Translocation Renal Cell Carcinoma t(6;11)(p21;q12) and Sickle Cell Anemia: First Report and Review of the Literature.
10.4111/kju.2014.55.2.145
- Author:
Damien CHASTE
1
;
Emmanuel VIAN
;
Gregory VERHOEST
;
Pascal BLANCHET
Author Information
1. Department of Urology, Rennes University Hospital, Rennes, France. damienchaste@gmail.com
- Publication Type:Case Report
- Keywords:
Hemoglobin SS;
Kidney cancer;
Renal cell carcinoma;
Sickle cell anemia;
Transcription factor EB
- MeSH:
Anemia, Sickle Cell*;
Carcinoma, Medullary;
Carcinoma, Renal Cell*;
Female;
Hemoglobin, Sickle;
Humans;
Kidney Neoplasms;
West Indies;
Young Adult
- From:Korean Journal of Urology
2014;55(2):145-147
- CountryRepublic of Korea
- Language:English
-
Abstract:
Translocation renal cell carcinoma (RCC) is a family of rare tumors recently identified in the pediatric and young adult population.
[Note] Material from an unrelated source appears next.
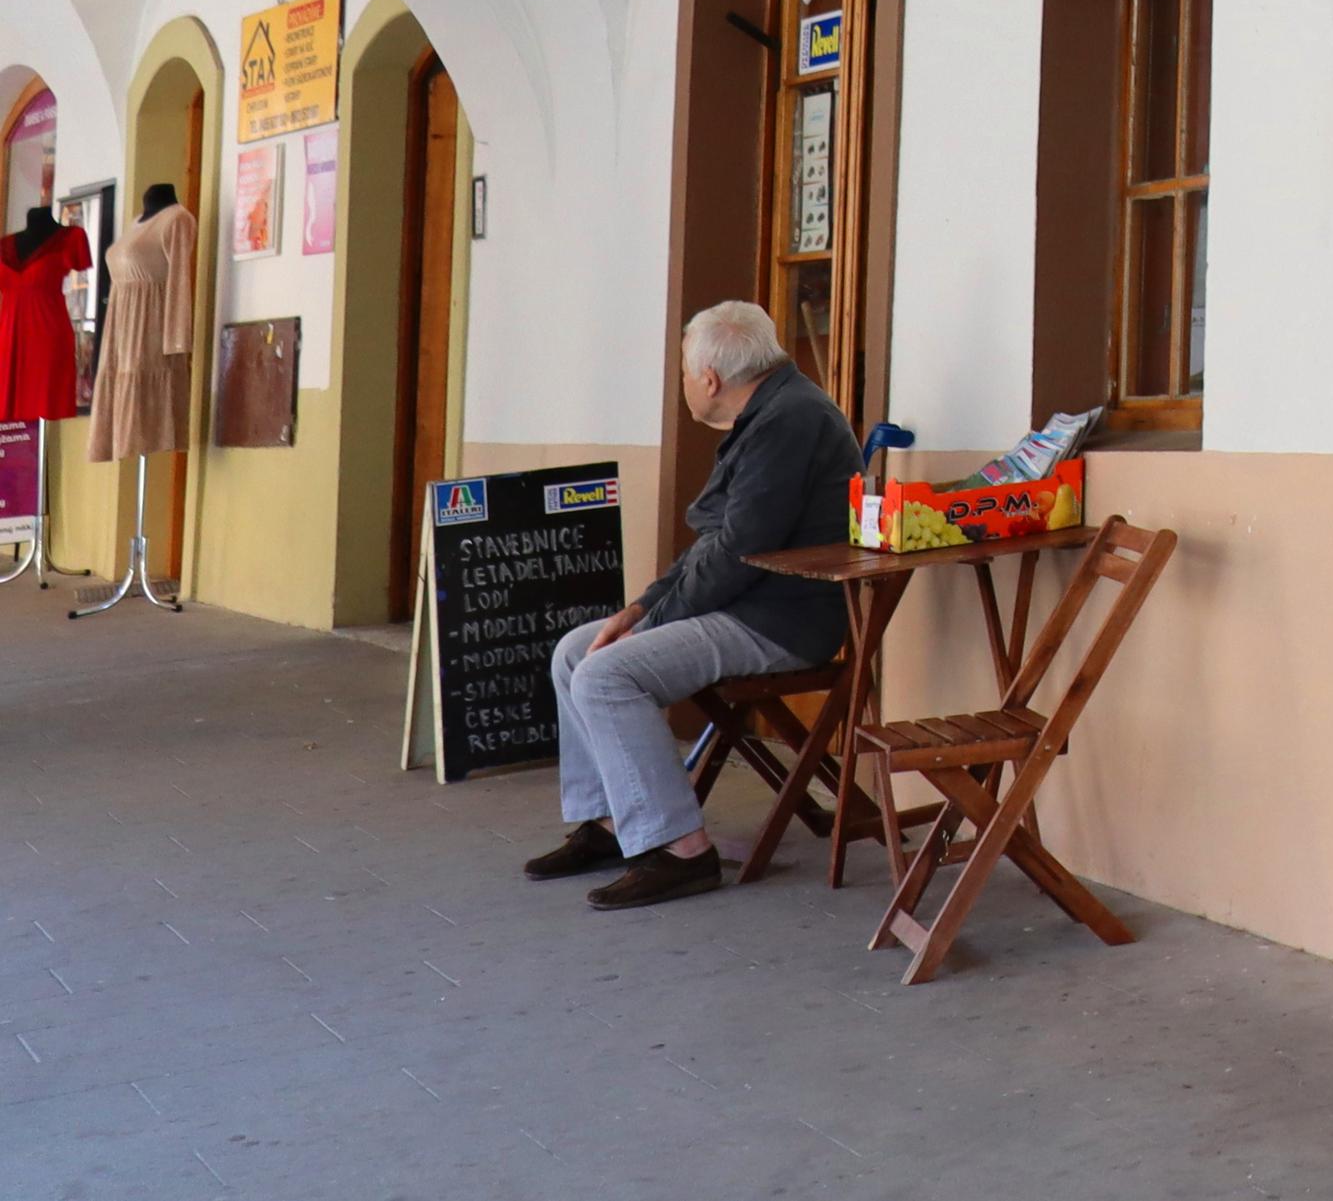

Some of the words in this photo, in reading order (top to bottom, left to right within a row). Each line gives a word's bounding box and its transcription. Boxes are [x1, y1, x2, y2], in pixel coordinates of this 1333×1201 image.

We report the first case of a young woman from French West Indies with sickle cell anemia who developed a translocation RCC t(6;11)(p21;q12). Usually people with the sickle cell condition are known to develop renal medullary carcinoma (RMC). To our knowledge, this is the first case described in the literature of a translocation RCC associated with sickle cell disease. Here we discuss the relation between translocation RCC, RMC, and sickle cell disease.